The two main types of semiconductor temperature sensors are temperature sensitive voltage sources and temperature-sensitive current sources. An example of the first type is the National LM35. The voltage output from this circuit increases by 10 mV for each degree centigrade that its temperature is increased. If the output is connected to a negative reference voltage Vs, the sensor will give a meaningful output for temperature range of -55 to +150 degree centigrade. The output is adjusted to 0V for 0 degree centigrade. The output voltage can be amplified to give the voltage range we need for a particular application. The accuracy of this device is about 1 degree centigrade.

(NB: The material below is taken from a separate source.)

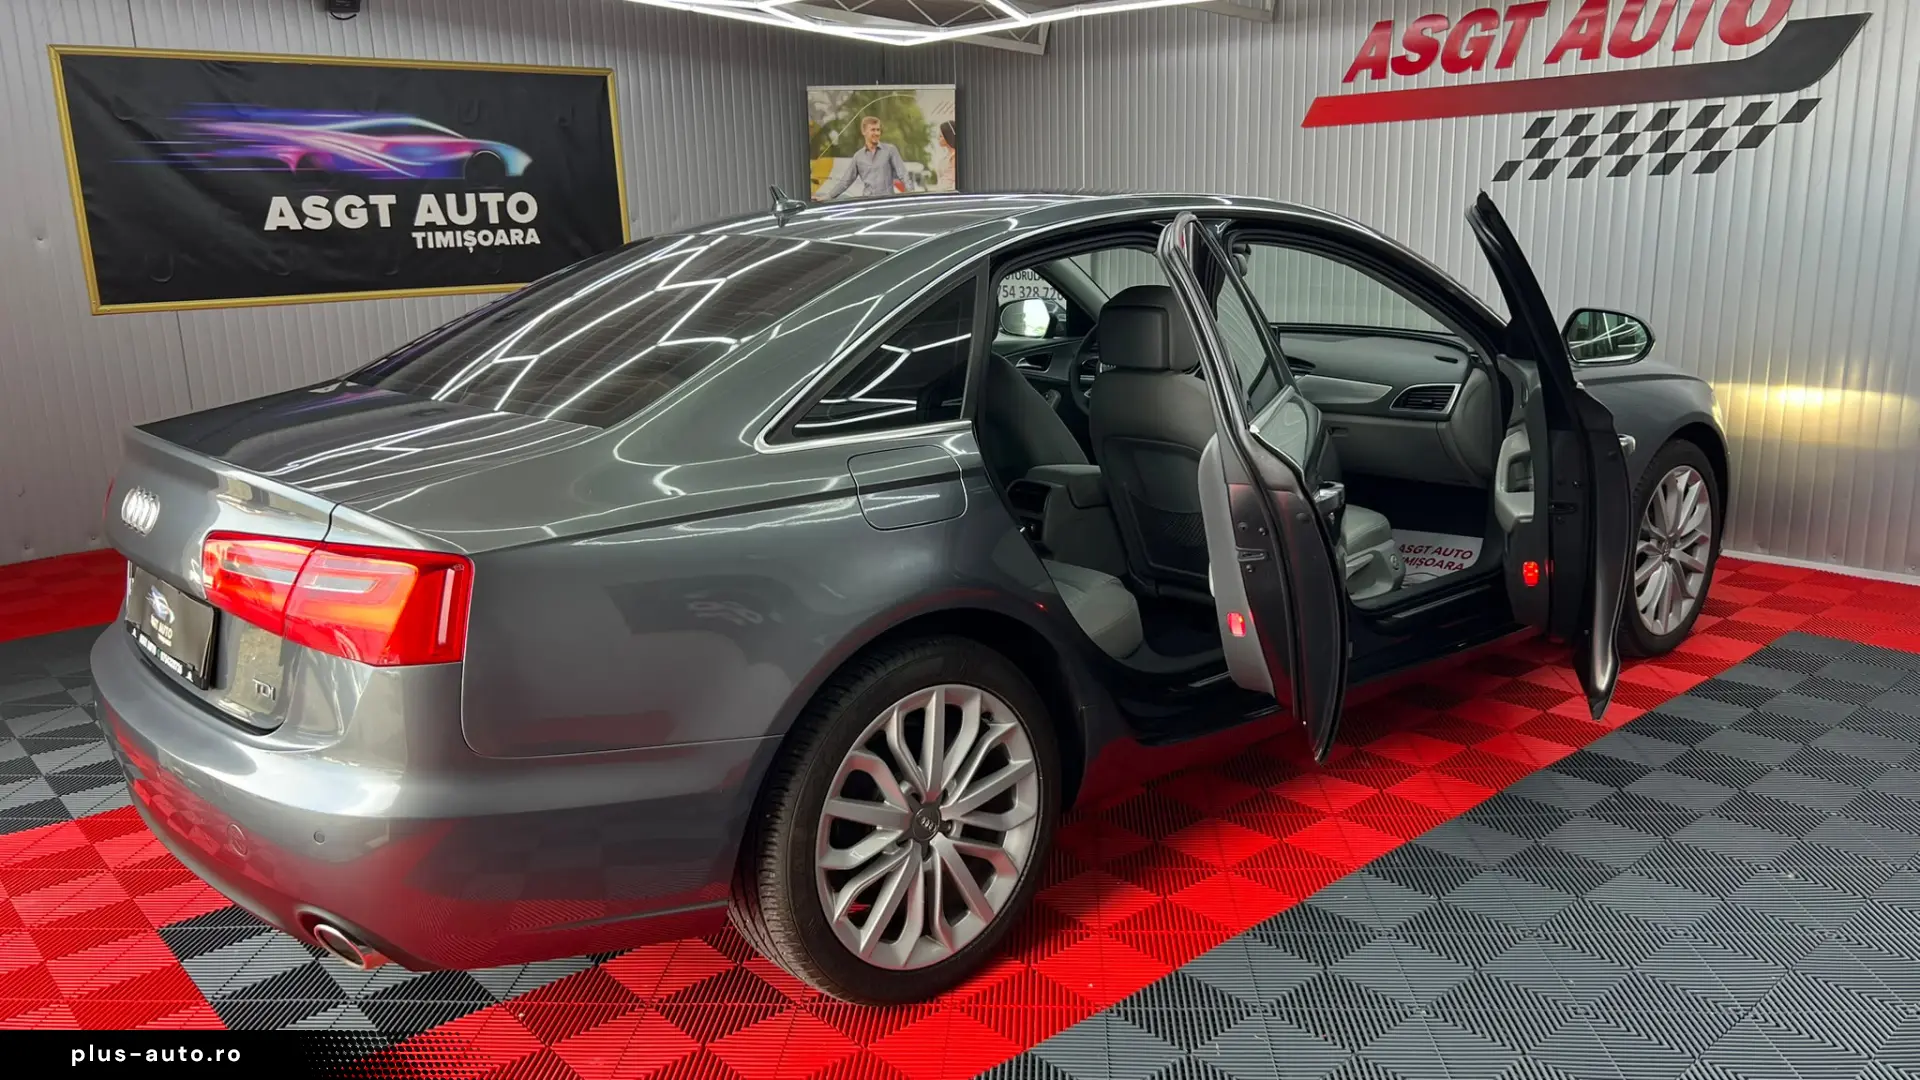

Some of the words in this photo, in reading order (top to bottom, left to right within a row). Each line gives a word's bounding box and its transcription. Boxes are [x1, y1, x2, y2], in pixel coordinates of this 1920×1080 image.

A thermocouple junction made of iron and constantan, commonly called a J thermocouple, has a useful temperature range of about -184 to 760 degree centigrade. Thermocouples can be made small, rugged and stable, however, they have problems like the output is very small and must be amplified a great deal to bring it up into range where it can drive an A/D converter. So, we used LM35 in our system.

The LM35 is an integrated circuit sensor that can be used to measure temperature with an electrical output proportional to the temperature (in deg Celsius). LM35 temperature sensor can measure more accurately than using a thermistor. The LM35 generates a higher output voltage than thermocouples and may not require that the output voltage be amplified. It has an output voltage that is proportional to the Celsius temperature. The scale factor is 0.01V/deg Celsius. Another important characteristic of LM35 is that it draws only 60 micro amps from its supply and possesses a low self heating capability. The sensor self heating causes less than 0.1 deg Celsius temperature rise in still air.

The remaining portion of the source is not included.